Over the past several weeks, those of a bearish persuasion repeatedly pointed to the narrowness of the US equity rally, noting that the entirety of this year’s gains for cap-weighted benchmarks were attributable to a handful of names, including Microsoft and Nvidia, which became synonymous with the burgeoning A.I. “mini bubble,” as BofA dubbed it. Implicit (and sometimes explicit) was the notion that a top-heavy rally is destined to tip over.
That sounded convincing and to be sure, I echoed some version of the narrative, but it’s suddenly clear that naysayers underestimated the potential for A.I. to be a “right here, right now” fundamental catalyst. The associated revenue bump for Nvidia might be a “one-off” (the new, modified bear case) but it isn’t far off, as some previously suggested. Rather, the company is raking it in as we speak. And so is CEO Jensen Huang.
Nvidia’s historic one-day surge generated a $6 billion paper gain for Huang in the space of just a few hours Thursday. According to Bloomberg’s index, Huang’s net worth is up some 150% in 2023. No global billionaire has experienced a more dramatic increase this year in percentage terms.
The surge pulled anything even remotely related to A.I. along for the ride, a sign of things to come, perhaps. Barclays declared “the beginning of a paradigm-altering wave.” How’s that for hyperbole?
But that’s just the thing. It might not be hyperbole if you’re a believer in the promise of generative A.I. As detailed extensively in April’s monthly letter, I’m skeptical. Certainly not skeptical enough to short it though, especially not when “it” currently just means Nvidia.
“If the A.I. trade simply boils down to Nvidia, then perhaps it can persist with relative permanence, much like Tesla and the electronic vehicle revolution,” Bloomberg’s Cameron Crise, a veteran trader, remarked, adding that it’s “still relatively early in the blossoming of the A.I. thematic ‘trade of a lifetime,’ so it would be foolhardy in the extreme to try and stand in the way of a parabolic rise.”
Yes, indeed. And as the figure above shows, some “fools” did try to stand in the way, and they were run over. Specifically, shorts lost more than $2 billion in a single session, bringing mark-to-market losses for the year to more than $8 billion, according to S3 Partners.

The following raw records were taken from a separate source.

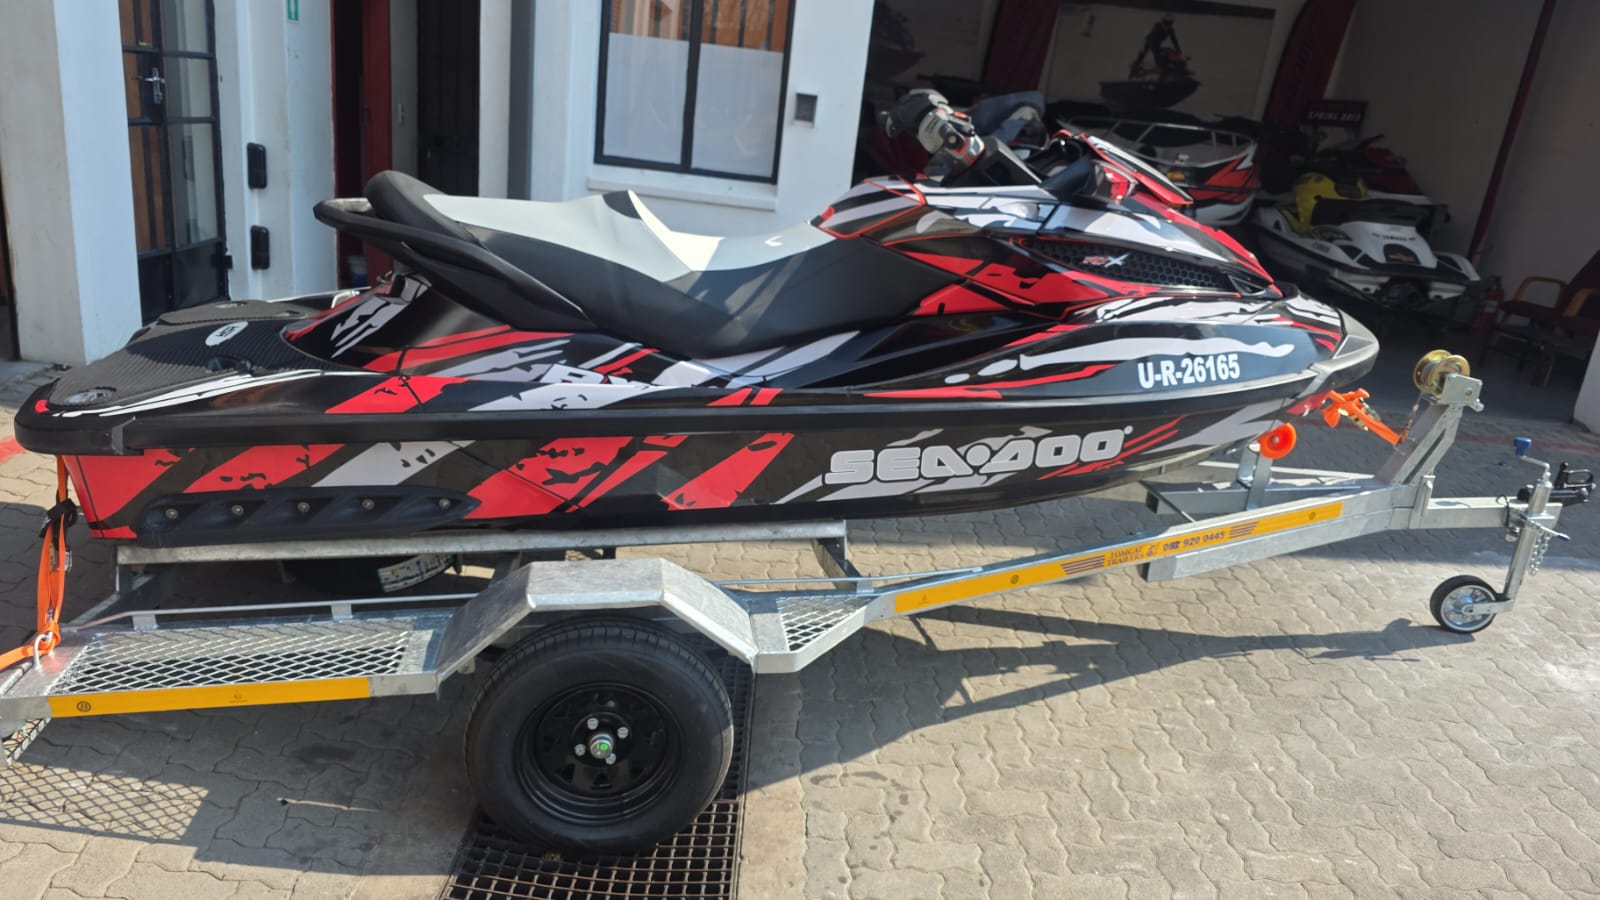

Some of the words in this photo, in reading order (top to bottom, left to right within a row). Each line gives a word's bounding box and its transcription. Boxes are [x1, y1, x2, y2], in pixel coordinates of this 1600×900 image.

[1137, 353, 1241, 389] U-R-26165
[1163, 541, 1181, 551] 082
[1183, 536, 1201, 546] 920
[1203, 530, 1225, 543] 0445
[1107, 554, 1145, 566] TRAILERS
[1111, 545, 1142, 558] TOMCAT

Cathie Wood dropped Nvidia from her flagship fund early this year, even as some of her other products still hold the shares. She cited, in part, the stock’s elevated valuation.

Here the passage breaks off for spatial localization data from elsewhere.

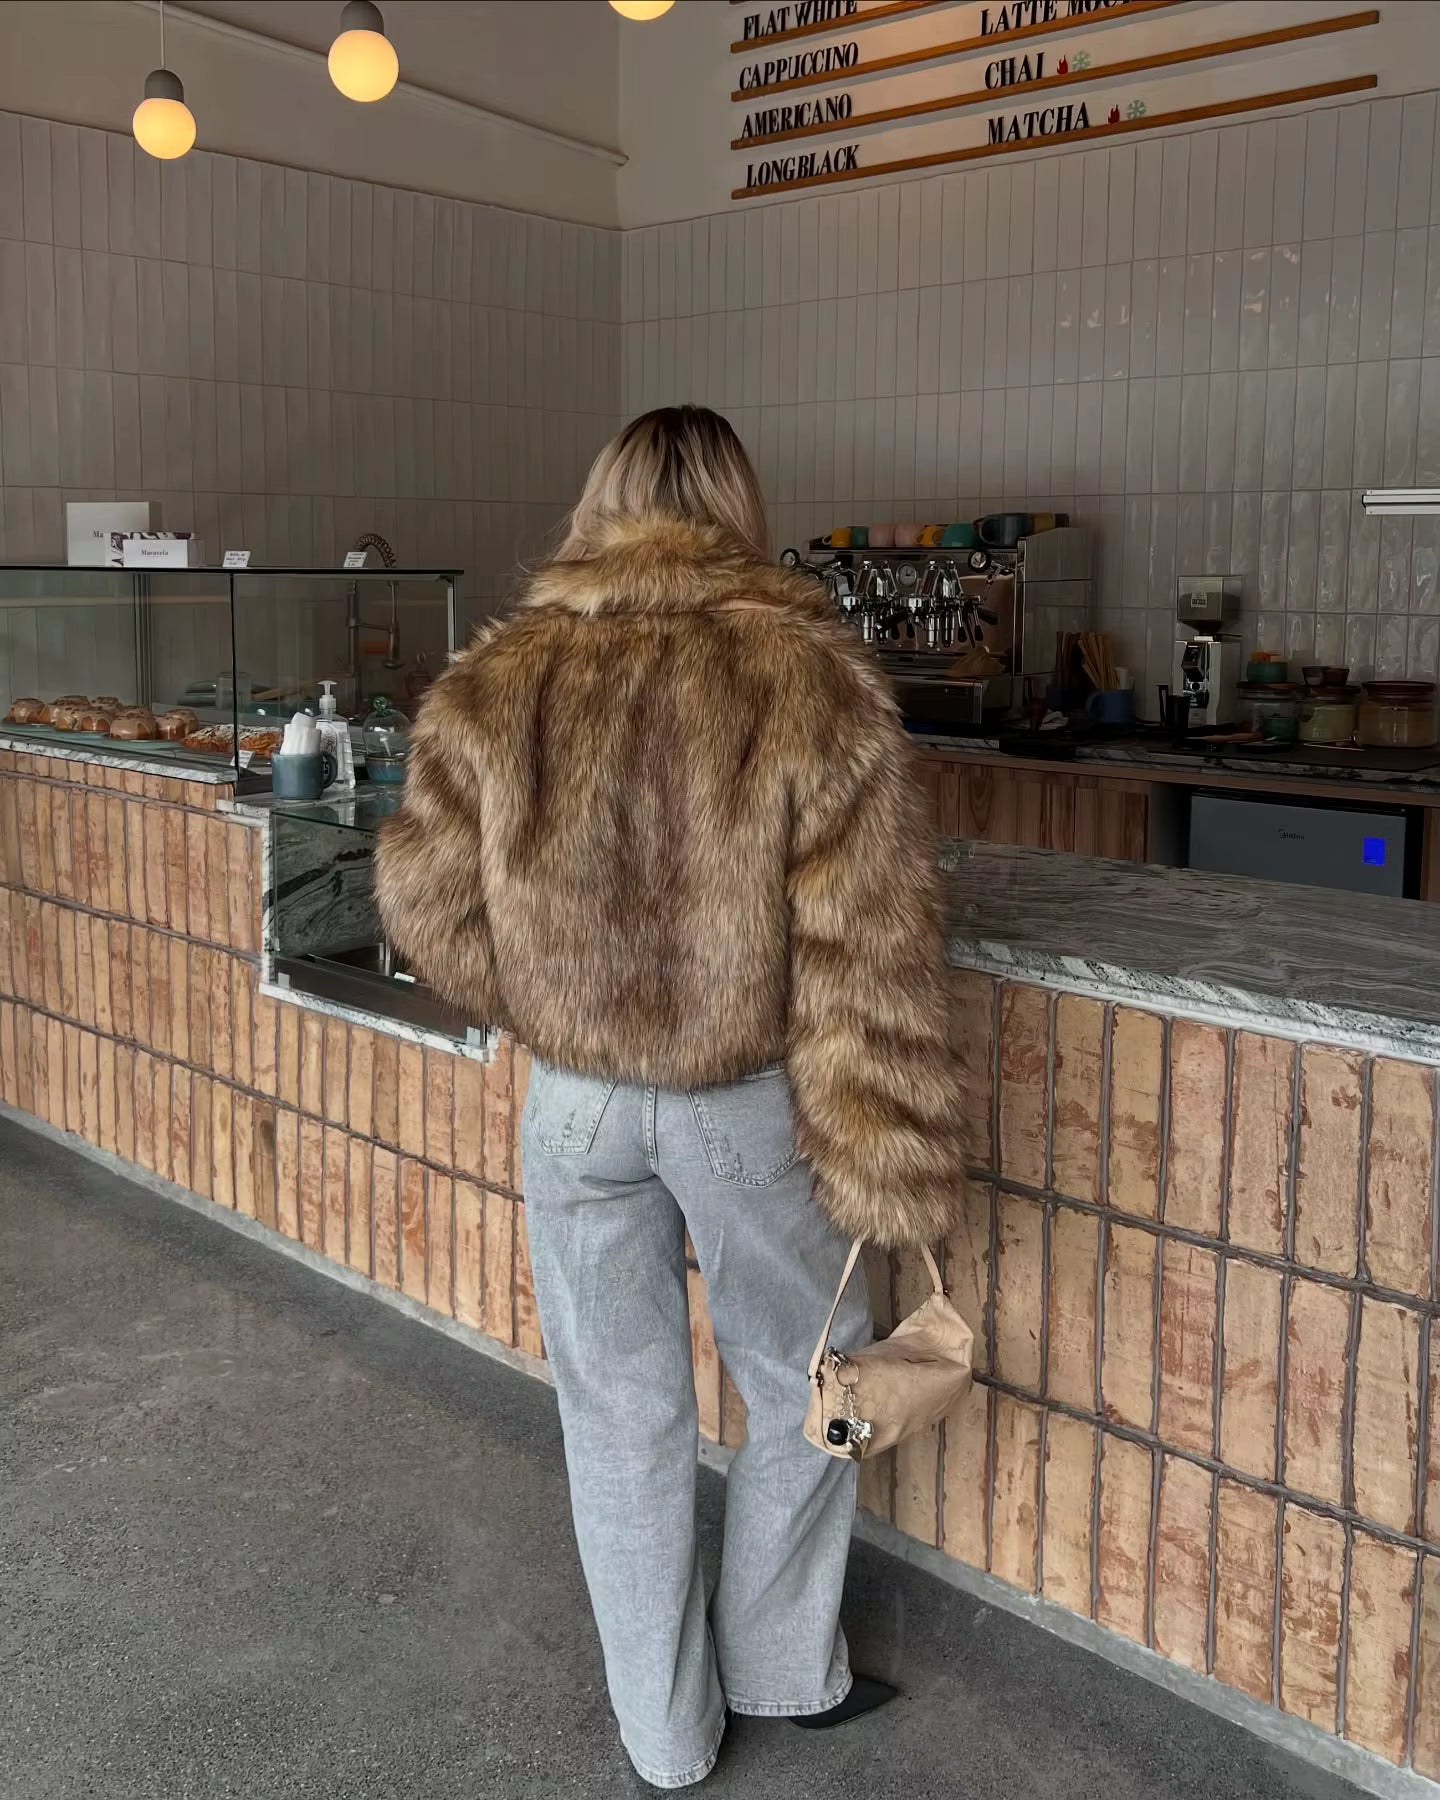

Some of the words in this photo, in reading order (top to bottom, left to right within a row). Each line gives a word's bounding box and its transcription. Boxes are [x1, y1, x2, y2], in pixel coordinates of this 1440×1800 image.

[744, 7, 789, 40] FLAT
[795, 1, 857, 27] WHITE
[981, 1, 1057, 35] LATTE
[740, 42, 858, 90] CAPPUCCINO
[985, 52, 1045, 89] CHAI
[741, 94, 852, 140] AMERICANO
[988, 102, 1089, 145] MATCHA

If you believe any part of the A.I. apocalypse story, you’re probably despairing on Thursday. We’re facilitating our own destruction even faster than critics imagined prior to Nvidia’s quarterly report. It’d be ironic if humanity’s incurable penchant for asset bubbles accelerates our demise as a species. After all, human civilization is the biggest bubble history has ever known.




For me, Nvidia is one of those fish that get away in every investor’s life. I bought it for $30 years ago and later sold it for $75 because it got flat and its actual business future was too concentrated for my taste. I made money enough but my opportunity loss was large.
A couple times in my youth I got concerned the market was too frothy, had a nice profit and I got concerned I’d lose it so I bought some market puts for protection. Got rinsed and I never tried it again because I discovered that unless you could sell both sides, it wasn’t really a hedge, just an expensive insurance premium when there was no loss to save.